No Where to Go but up
CMU alumnus, director Rob Marshall lifts spirits and sets toes tapping with his Academy Award-nominated film “Mary Poppins Returns”
By Joyce DeFrancesco Email
Behind-the-scenes footae of the filming of “Mary Poppins Returns,” directed by School of Drama alumnus Rob Marshall.
When Carnegie Mellon School of Drama alumnus Rob Marshall (A 1982) talks about the success of his latest big screen musical, “Mary Poppins Returns,” he doesn’t linger on the positive reviews, awards and honors — although there are many — he instead mentions the impact on those who experience it.
“I have seen how it has transformed people’s lives. They have told me it has helped them deal with loss. It has given much needed feeling, a lift, a sense of joy,” Marshall explains. “I wanted to send the message of this film out into the world now. A message of hope and light in a dark time. This is the moment that we all needed [Mary Poppins] to return!”
In December, a new generation was introduced to the “practically perfect in every way” Mary Poppins in Marshall’s first original movie musical. The six-time Tony Award nominee began his career as a Broadway performer, choreographer and director before moving onto Hollywood. Marshall previously adapted “Annie” for television and “Chicago,” “Nine” and “Into the Woods” for the big screen. “Chicago” earned 13 Academy Award nominations in 2002 and garnered six Oscars, including one for Best Picture. The film also earned Marshall a Directors Guild of America Award and Academy Award, BAFTA and Golden Globe nominations for Best Director.
Set in 1930s London, Marshall’s sequel to 1964’s “Mary Poppins” picks up the story of the Banks children, Michael and Jane as adults. Joining them are Michael’s children, Annabel, John and Georgie, who are trying to find the joy and wonder that’s missing in their lives following an immense personal loss.
Director Rob Marshall with actress Emily Blunt on the set of “Mary Poppins Returns”
Marshall has had a love affair with musicals his entire life. In fact, the original “Mary Poppins” was the first film he remembers seeing as a child. Being entrusted by Disney and estate of P.L Travers, the notoriously particular author of the eight Mary Poppins books, to create a sequel with a fresh story and original music was a lifelong dream come true for Marshall.
“My partner, John DeLuca, and I expressed interest in a sequel to Disney,” Marshall says. “When the door opened, they came to us… it was kind of a ‘be careful what you wish for; well, here we go!’ moment.”
Original film musicals are rare today, and a musical on the scale of “Mary Poppins Returns” is even rarer.

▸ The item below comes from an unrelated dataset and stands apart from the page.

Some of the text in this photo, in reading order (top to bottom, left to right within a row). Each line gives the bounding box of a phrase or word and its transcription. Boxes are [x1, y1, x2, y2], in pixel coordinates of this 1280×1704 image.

Creating the world of Mary Poppins was a three-year process for Marshall, which required creating a narrative storyline for the film — due to the source books’ episodic nature — as well original songs, choreography and a rare live action/animation sequence (all hand drawn).
“It became something I was very passionate about, as I had never made an original musical for film before. It was almost like shooting two films at once,” Marshall says. “The process of this was just so intense, longer and deeper because I was making something from scratch. I lovedit very much because I didn’t have to take something from the proscenium and then open it up into a film.”

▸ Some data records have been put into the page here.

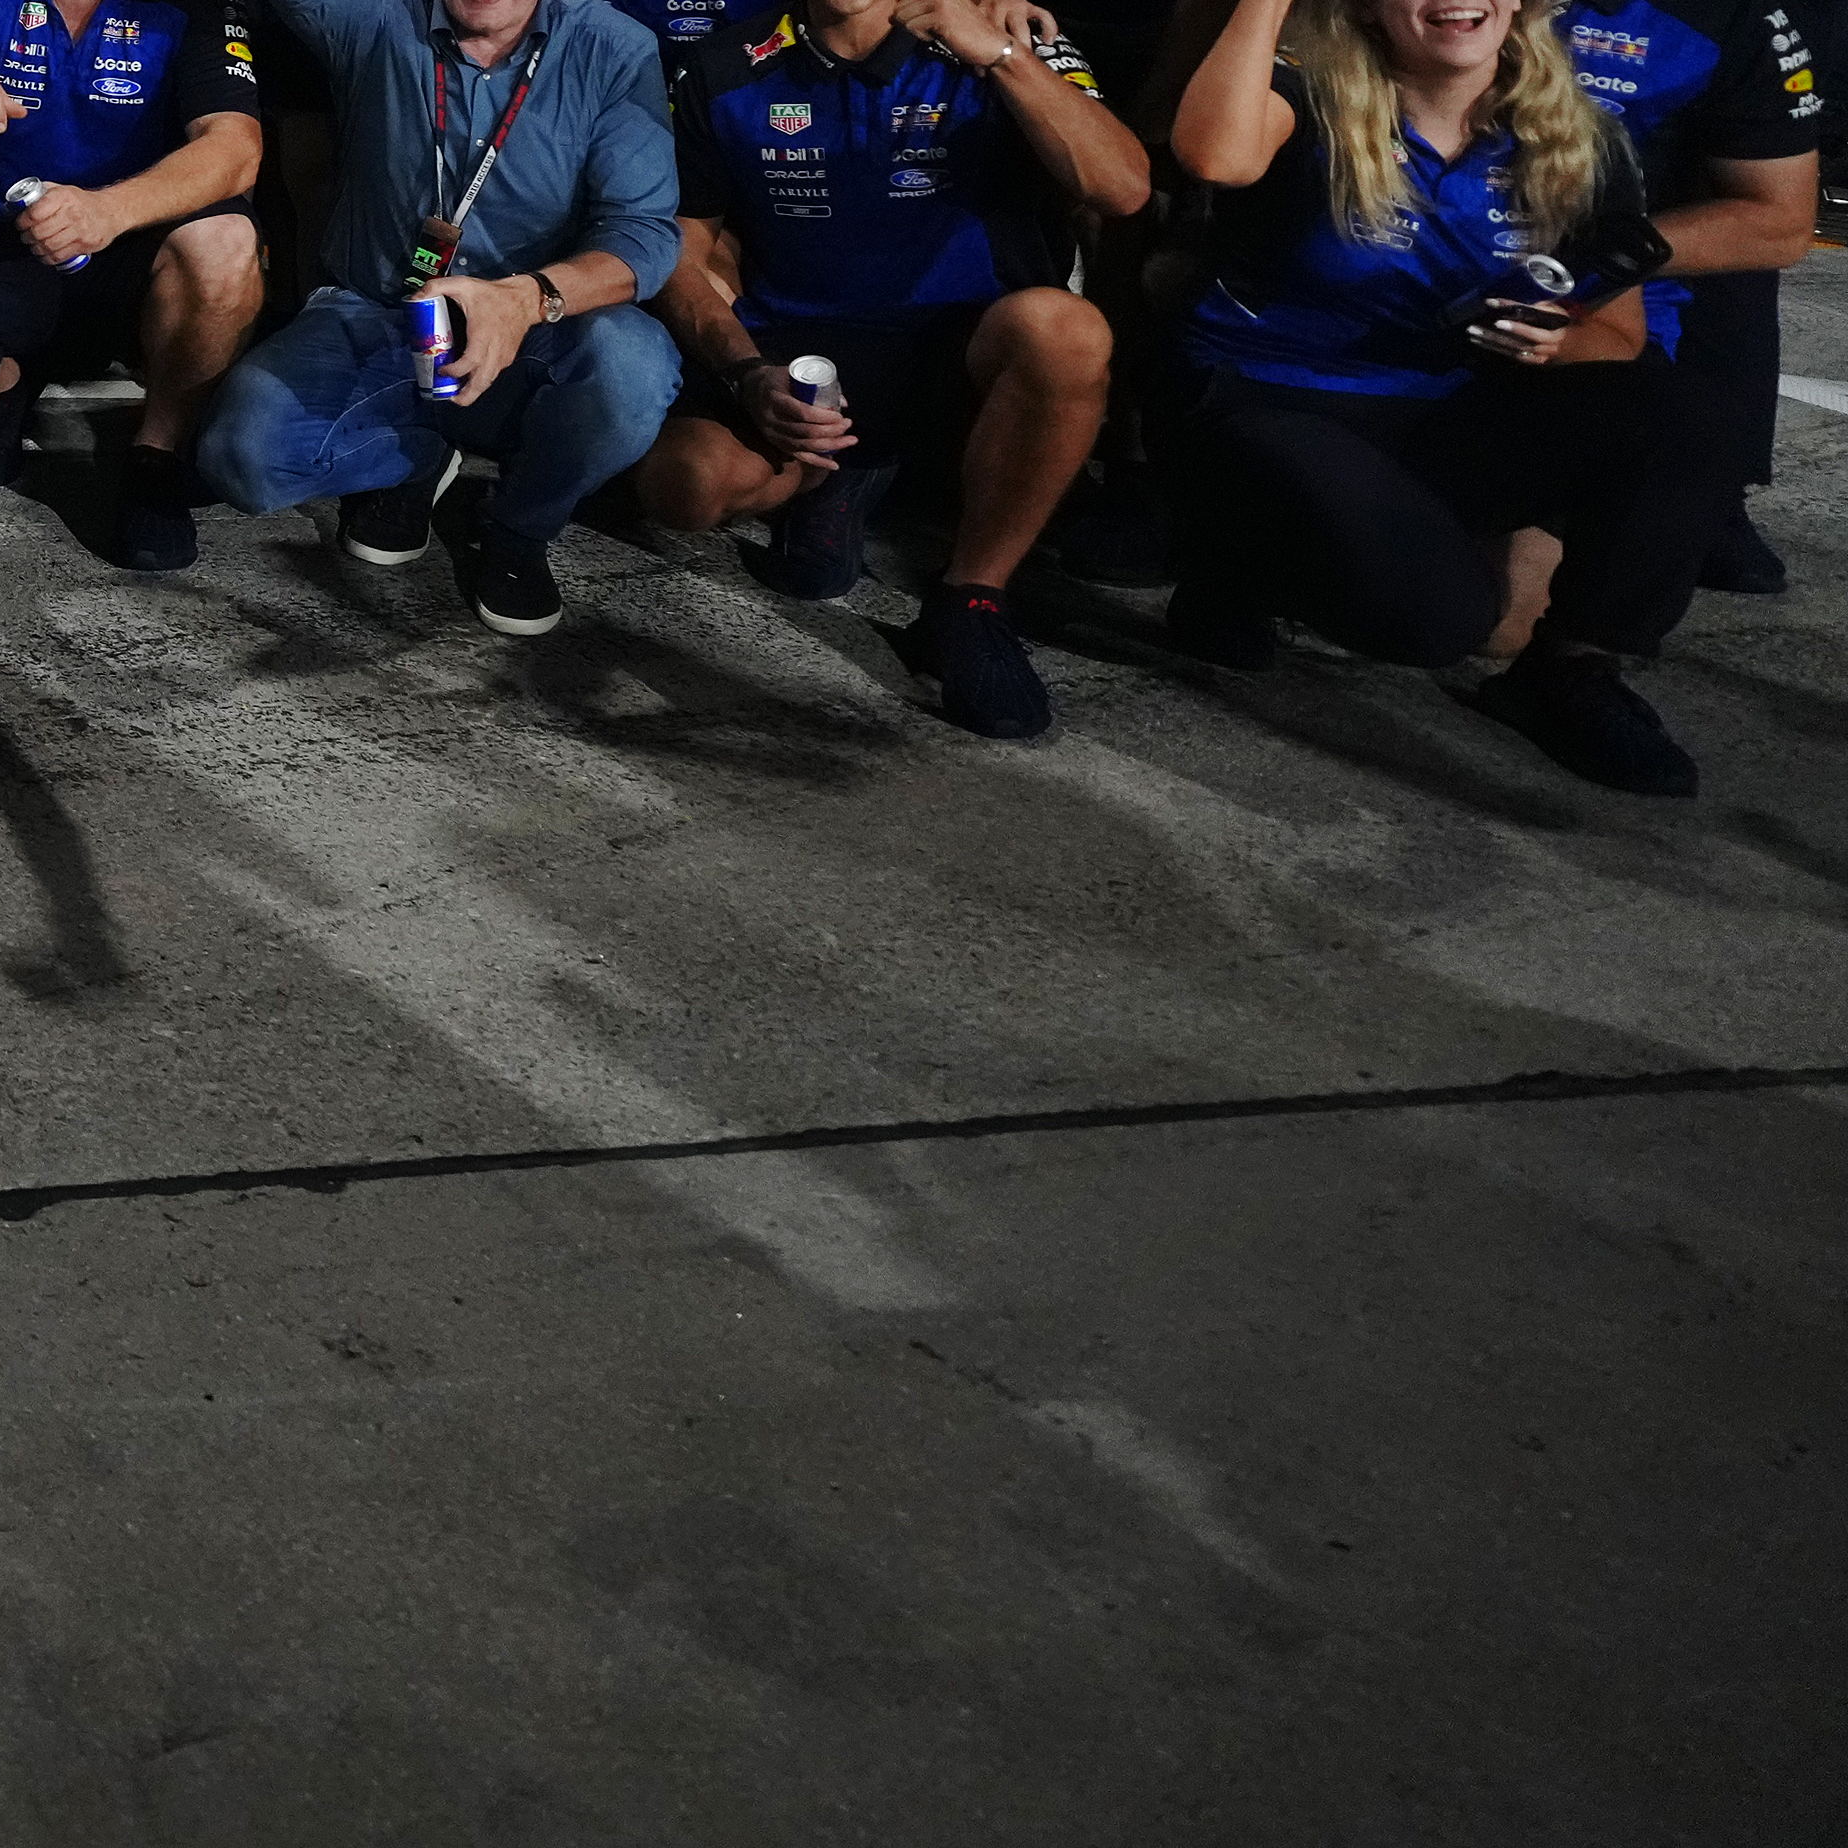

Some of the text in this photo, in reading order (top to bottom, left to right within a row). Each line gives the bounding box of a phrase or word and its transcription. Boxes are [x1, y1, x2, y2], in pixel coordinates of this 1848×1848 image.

[680, 0, 726, 11] Gate
[1571, 24, 1650, 46] ORACLE
[105, 57, 142, 72] Gate
[1577, 72, 1638, 93] Gate
[88, 93, 145, 105] RACING
[772, 104, 808, 116] TAG
[770, 117, 811, 135] HEUER
[763, 169, 826, 179] ORACLE
[768, 187, 830, 198] CARLYLE

“Mary Poppins Returns” is nominated for four Academy Awards — Best Costume Design, Best Original Song (“The Place Where Lost Things Go”), Best Original Score and Best Production Design — to go with Golden Globe, BAFTA and Screen Actors Guild nominations, among a host of other honors.
One person who isn’t surprised at all by Marshall’s success in creating a new work that required huge artistic vision and skill is Judith Conte, teaching professor of dance in the School of Drama, who taught Marshall while he was a CMU undergraduate.

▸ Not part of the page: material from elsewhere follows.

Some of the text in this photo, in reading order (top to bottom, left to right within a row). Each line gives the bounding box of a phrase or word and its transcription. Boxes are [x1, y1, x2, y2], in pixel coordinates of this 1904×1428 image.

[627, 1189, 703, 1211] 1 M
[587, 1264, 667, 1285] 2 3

“Well, Robby — that’s what I called him as my student — has an amazing range of talent, but it isn’t talent alone that makes an artist,” Conte says. “It’s the humanity and generosity coupled with the talent that makes great artists, and Rob has those in abundance. Always did and always will.”
Marshall credits his experience at CMU with giving him a well-rounded background as a performer, which still influences his work as a director, helping him to connect with his actors and collaborate with those with whom he works.
“Working on new material was something we did a lot at Carnegie Mellon and in the process expressing yourself, learning who you are and what you are,” remembers Marshall, who spent his junior year as a member of the national touring company of “A Chorus Line.” “I felt that I was supported in a big way to be myself and learn my craft.”
Marshall’s love affair with musicals is only growing as he and DeLuca are exploring the possibility of bringing a live-action “Little Mermaid” to life for Disney as their next project.
It seems that, like Mary Poppins herself, Marshall has “nowhere to go but up.”